Мусоргский — писатель-драматург. Особенности драматургии

Напряженная творческая работа первооткрывателя осложнялась еще необходимостью отдавать львиную долю своего времени бессмысленным чиновничьим обязанностям. 2 августа 1876 года он сообщал Шестаковой о «Хованщине»: «Все почти сочинено, надо писать и писать. Вот только толкание на службу дорогу перебегает».

И весь этот сложный психологический комплекс обострялся усиливавшейся в конце жизни приверженностью Мусоргского к исповедуемым им художественным взглядам. Подобно раскольничьей вере Марфы, они приобрели особо страстный и решительный характер. Письма композитора, относящиеся к этому времени, полны филиппик против художников чуждых воззрений и пылкой защиты своих убеждений. «Крест на себя наложил я и с поднятою головой, бодро и весело пойду против всяких, к светлой, сильной, праведной цели...» — писал Мусоргский В. В. Стасову 13 июля 1872 года.

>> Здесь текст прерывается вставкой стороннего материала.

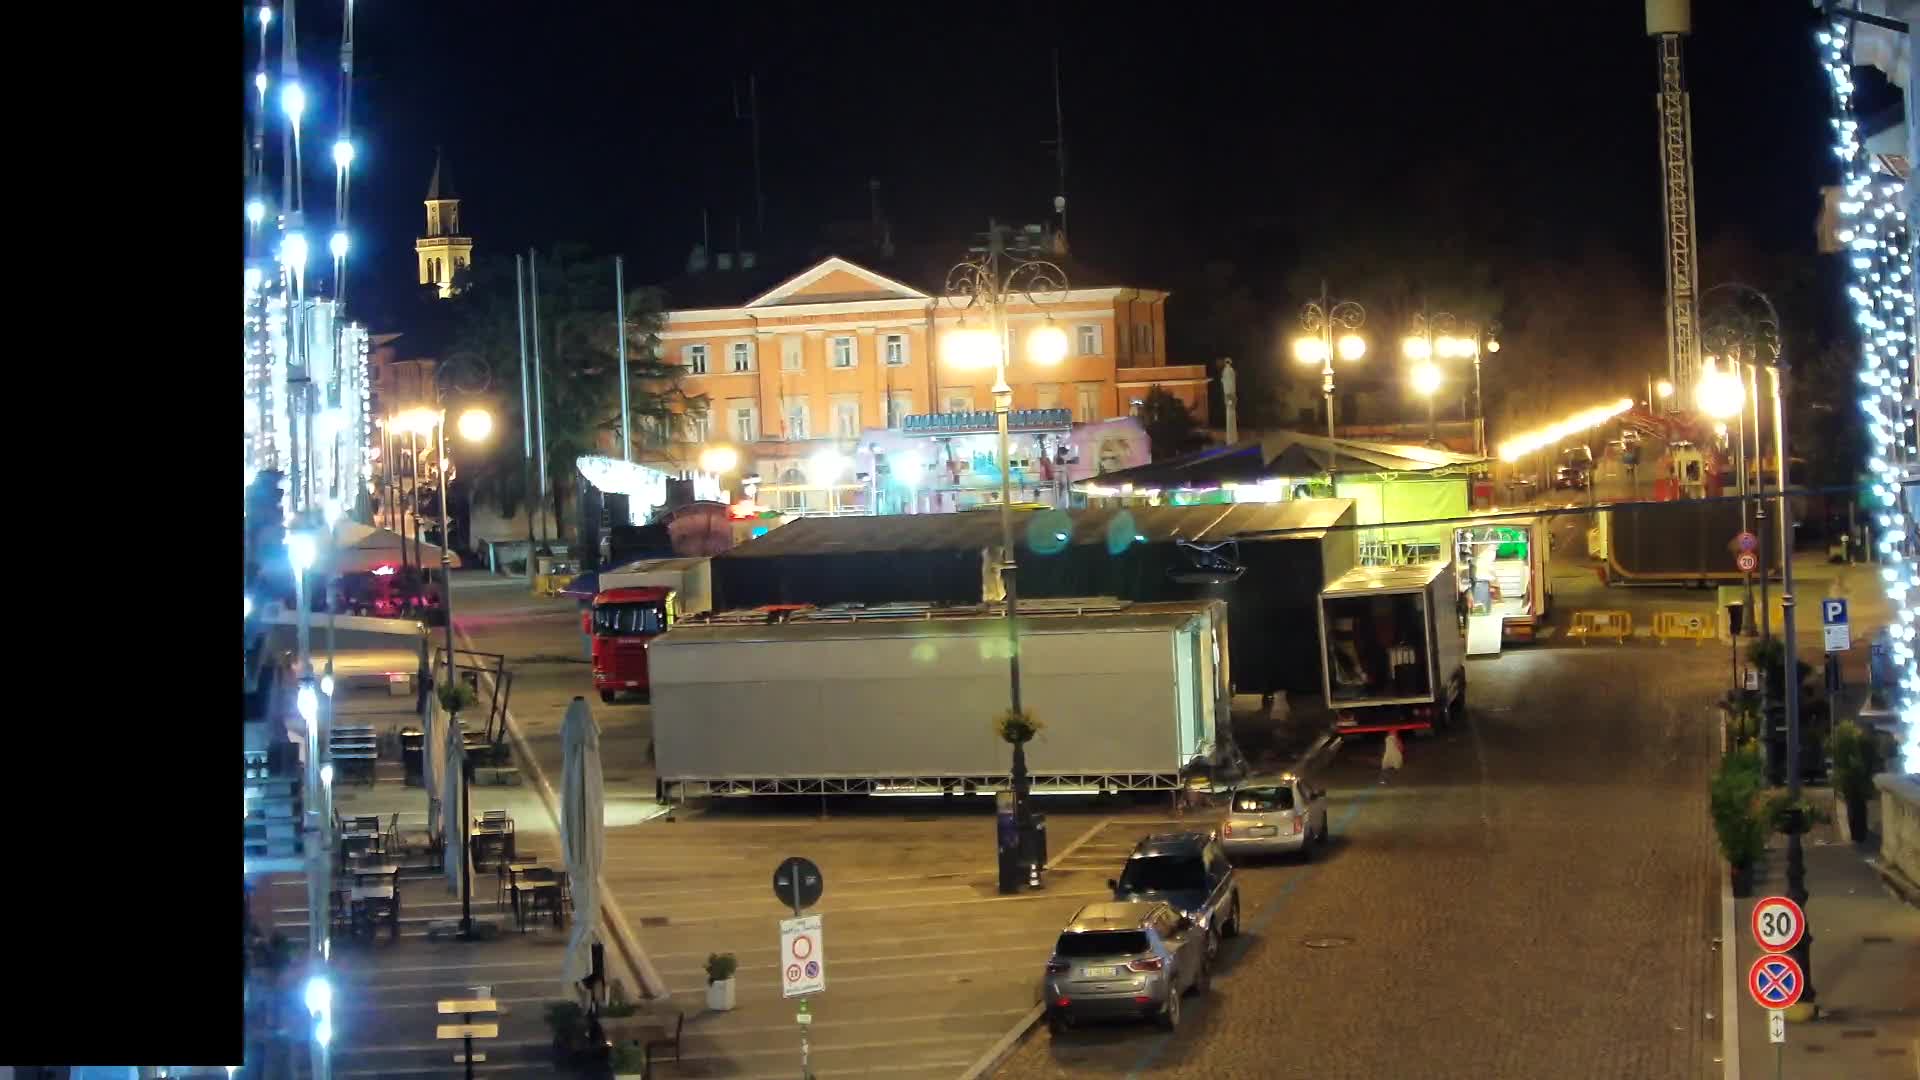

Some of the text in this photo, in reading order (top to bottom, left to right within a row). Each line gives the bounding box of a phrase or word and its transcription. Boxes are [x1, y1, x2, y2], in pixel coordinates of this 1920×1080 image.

Сложный клубок переживаний Мусоргского не мог не отразиться в его творчестве. Личное, субъективное стало все шире и острее проникать в художественные замыслы композитора. Проявилось это в сочинениях Мусоргского, однако, очень многообразно. Одним из первых ярких выражений этой тенденции явился цикл песен «Без солнца». Возникший на основе круга стихотворений А. А. Голенищева-Кутузова, идею которых внушил молодому поэту сам Мусоргский, этот цикл представляет род интимнейшего дневника — исповеди поразительной новизны и силы. В произведениях Мусоргского второй половины 70-х годов личная нота звучит особенно прочувствованно. Романсы на стихи Алексея Толстого приобретают подчас прямо биографический смысл. Таков, например, романс «Ой, честь ли молодцу», в котором очерчен трагический образ певца-поэта, прикованного к писарскому столу:

Ой, честь ли...
Гусляру-певуну
Во приказе сидеть,
Во приказе сидеть,
Потолок коптить?

В романсе «Странник», написанном на слова Фр. Рюккерта в переводе Плещеева, Мусоргский отбрасывает две заключительные строфы стихотворения, придающие всей пьесе мирный, уютно-идиллический характер:

Тихо все... томленьем
Дышит грудь моя...
Как теперь бы крепко
Обнял друга я!
Весело выходит
Странник утром в путь,
Но под вечер дома
Рад бы отдохнуть.

Композитор создает свой вариант окончания путем присоединения собственного четверостишия, проникнутого личным трагическим ощущением, острым чувством одиночества:

Нет со мною близких,
Сердцу дорогих,
А теперь так крепко
Обнял бы я их.

Бегло охарактеризованные здесь черты облика Мусоргского последних лет и некоторые особенности его позднего творчества могут, на наш взгляд, объяснить исключительное внимание композитора к образу Марфы. В нем композитор запечатлел не только чрезвычайно близкий себе душевный строй, отмеченный прямотой и горячностью чувств, но и раскрыл характер тревожный, зажатый в тиски трагических противоречий. А все это было так созвучно его жизненному тонусу 70-х годов. Не связанный твердо зафиксированным либретто, Мусоргский снова и снова возвращался к неотразимому для него образу, отдавая каждый раз ему всю силу своего гения, своего творческого вдохновения.